Wednesday, December 21, 2005
"Just trust me..."
says the President.
Isn't the real issue here trust? It's not about whether or not
President Bush was breaking the law to protect national security,
we only have his word that he wasn't evesdropping on your personal
communication. There is no judicial check. None.
After all that's happened, do you really want to trust president bush (or anyone) with your privacy?
For all of you "if you have nothing to hide..." people: if you send all your mail on post cards, for all the world to see, at least you're intellectually consistent. If you're going to try to make this arguement and still send mail in letters, encypted email, or anything that attempts to preserve privacy, try practicing what you preach first before arguing that the government has an inherent, extra-legal right to dig into all aspects of your life. The "they only target bad people" arguement only goes as far as those who define "bad."

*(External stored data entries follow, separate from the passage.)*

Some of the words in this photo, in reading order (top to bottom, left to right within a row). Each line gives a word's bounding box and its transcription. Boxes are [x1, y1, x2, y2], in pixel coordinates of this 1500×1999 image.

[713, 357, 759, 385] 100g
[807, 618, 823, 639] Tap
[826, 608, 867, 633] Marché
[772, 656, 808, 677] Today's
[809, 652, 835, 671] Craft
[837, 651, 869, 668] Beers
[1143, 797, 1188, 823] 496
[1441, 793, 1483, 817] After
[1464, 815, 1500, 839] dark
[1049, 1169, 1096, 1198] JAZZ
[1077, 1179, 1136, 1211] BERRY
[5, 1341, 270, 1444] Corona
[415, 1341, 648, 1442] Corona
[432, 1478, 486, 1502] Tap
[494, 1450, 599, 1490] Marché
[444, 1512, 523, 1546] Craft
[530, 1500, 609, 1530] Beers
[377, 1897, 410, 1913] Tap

As much as policy wonks like myself may get into the constitutional
law arguement, I doubt it will resonate with those who have only a passing attachemnent to the news. The apporach above also has the advantage of going squarely at the heart of Bush's remaing area of strength. I'd love to see the DNC nationalize this issue and simply burry him. Wouldn't it be great to impeach the whole lot of them?
such a wonderful dream...
General Powell (as he likes to be called) is speaking with BBC News.

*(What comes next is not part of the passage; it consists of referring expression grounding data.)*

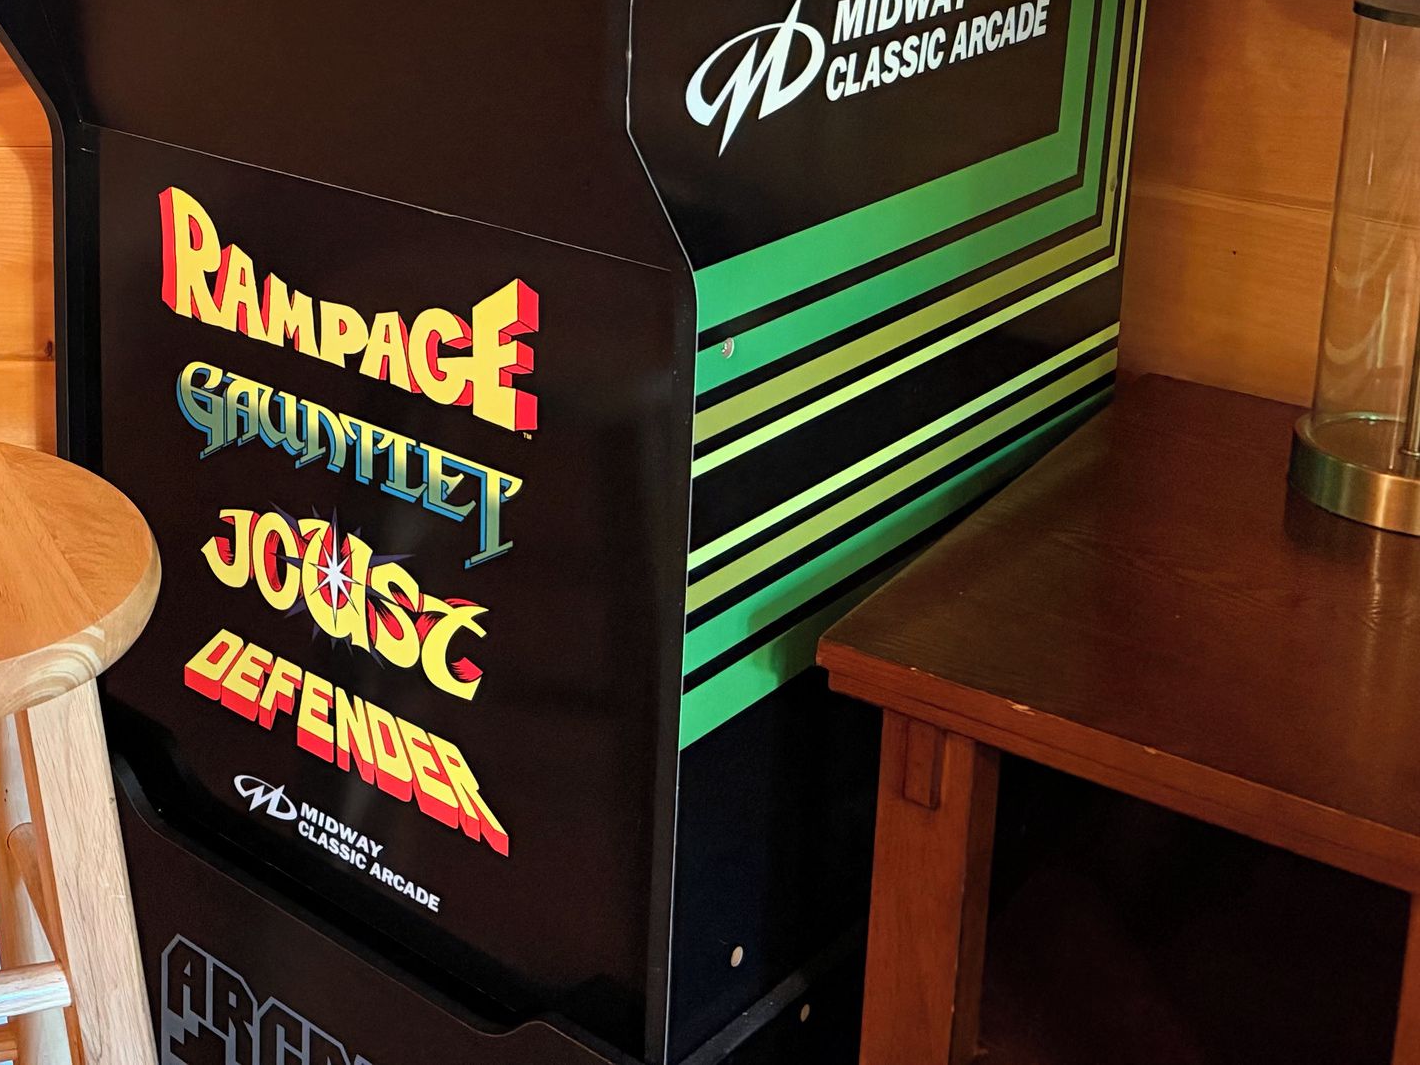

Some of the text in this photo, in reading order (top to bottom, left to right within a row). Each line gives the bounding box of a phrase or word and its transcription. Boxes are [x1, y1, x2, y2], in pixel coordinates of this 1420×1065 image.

[825, 27, 946, 102] CLASSIC
[158, 186, 539, 433] RAMPAGE
[176, 361, 523, 569] GAUNTLET
[201, 508, 489, 701] JOUST
[184, 628, 509, 858] DEFENDER
[299, 802, 384, 859] MIDWAY
[298, 820, 441, 913] CLASSIC ARCADE
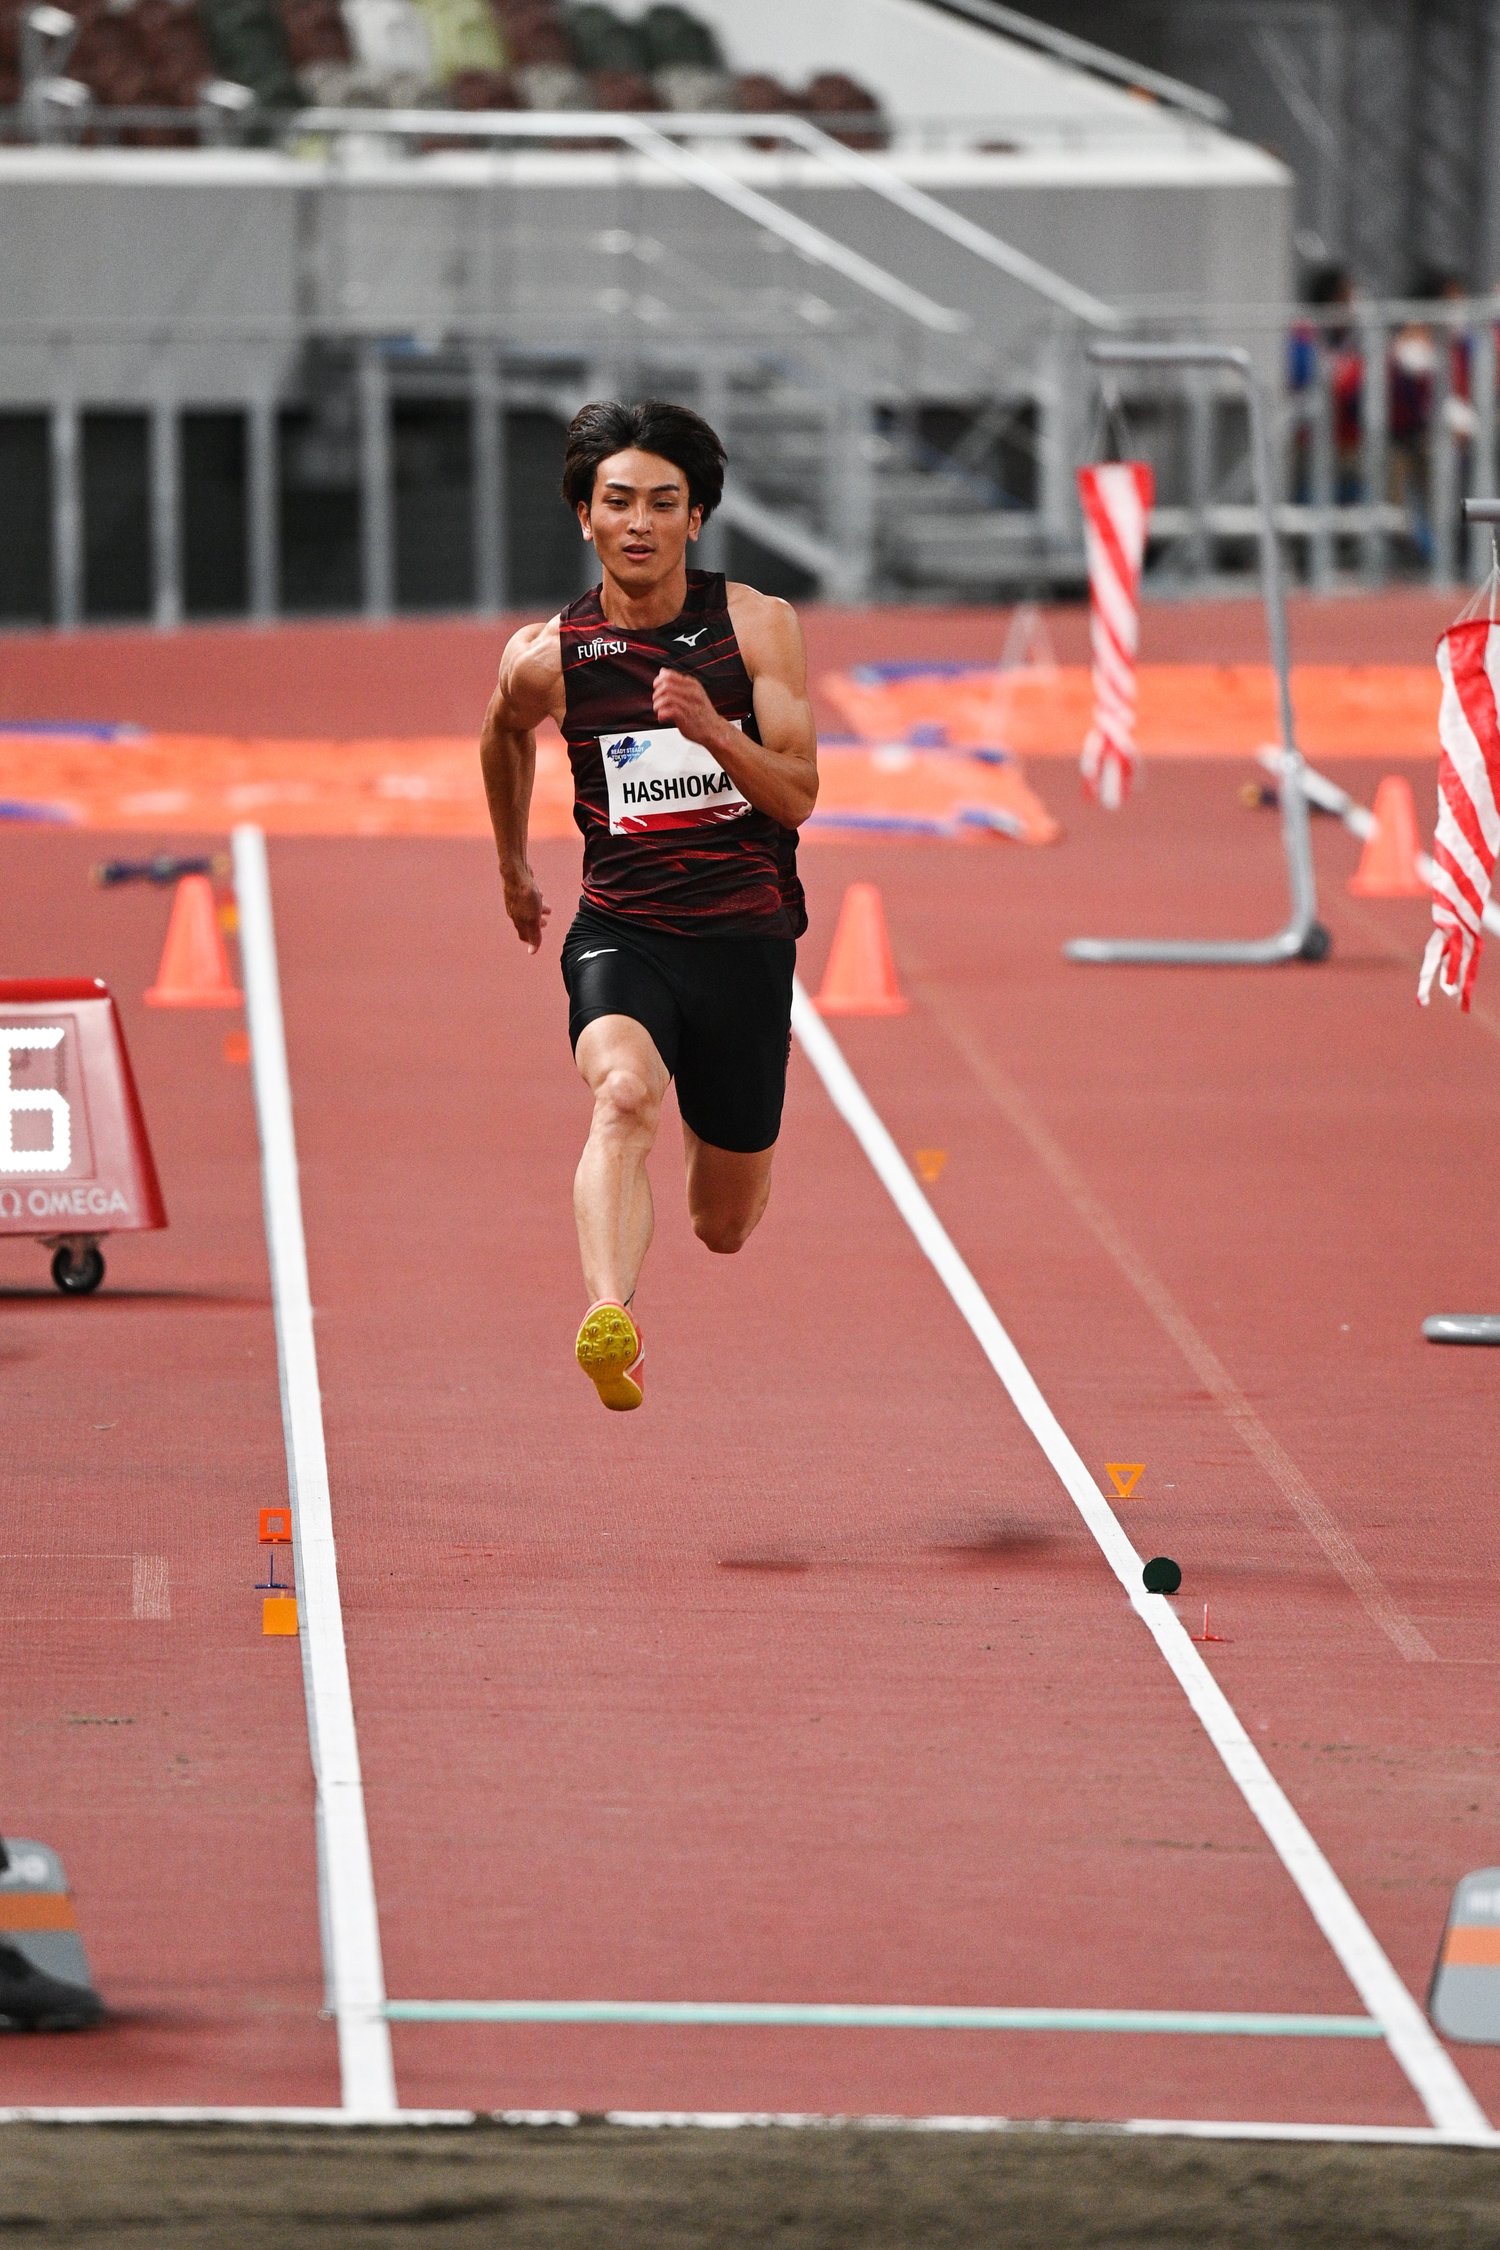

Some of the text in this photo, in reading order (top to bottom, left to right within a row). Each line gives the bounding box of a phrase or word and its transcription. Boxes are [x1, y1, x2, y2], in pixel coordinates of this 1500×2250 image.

[577, 637, 627, 660] FUJITSU
[622, 771, 733, 804] HASHIOKA
[28, 1187, 129, 1216] OMEGA

In it, he makes a point of saying that he prefers to be called
General rather than Former Secretary. He makes a point of saying
that by protocol, he should be Former Secretary, but he prefers General.
Maybe I just want to see it, but I like to believe that he wants to
separate himself as much as possible for the shameful, illegal
actions of president bush. Too bad he hasn't been willing to make a
more forceful statement.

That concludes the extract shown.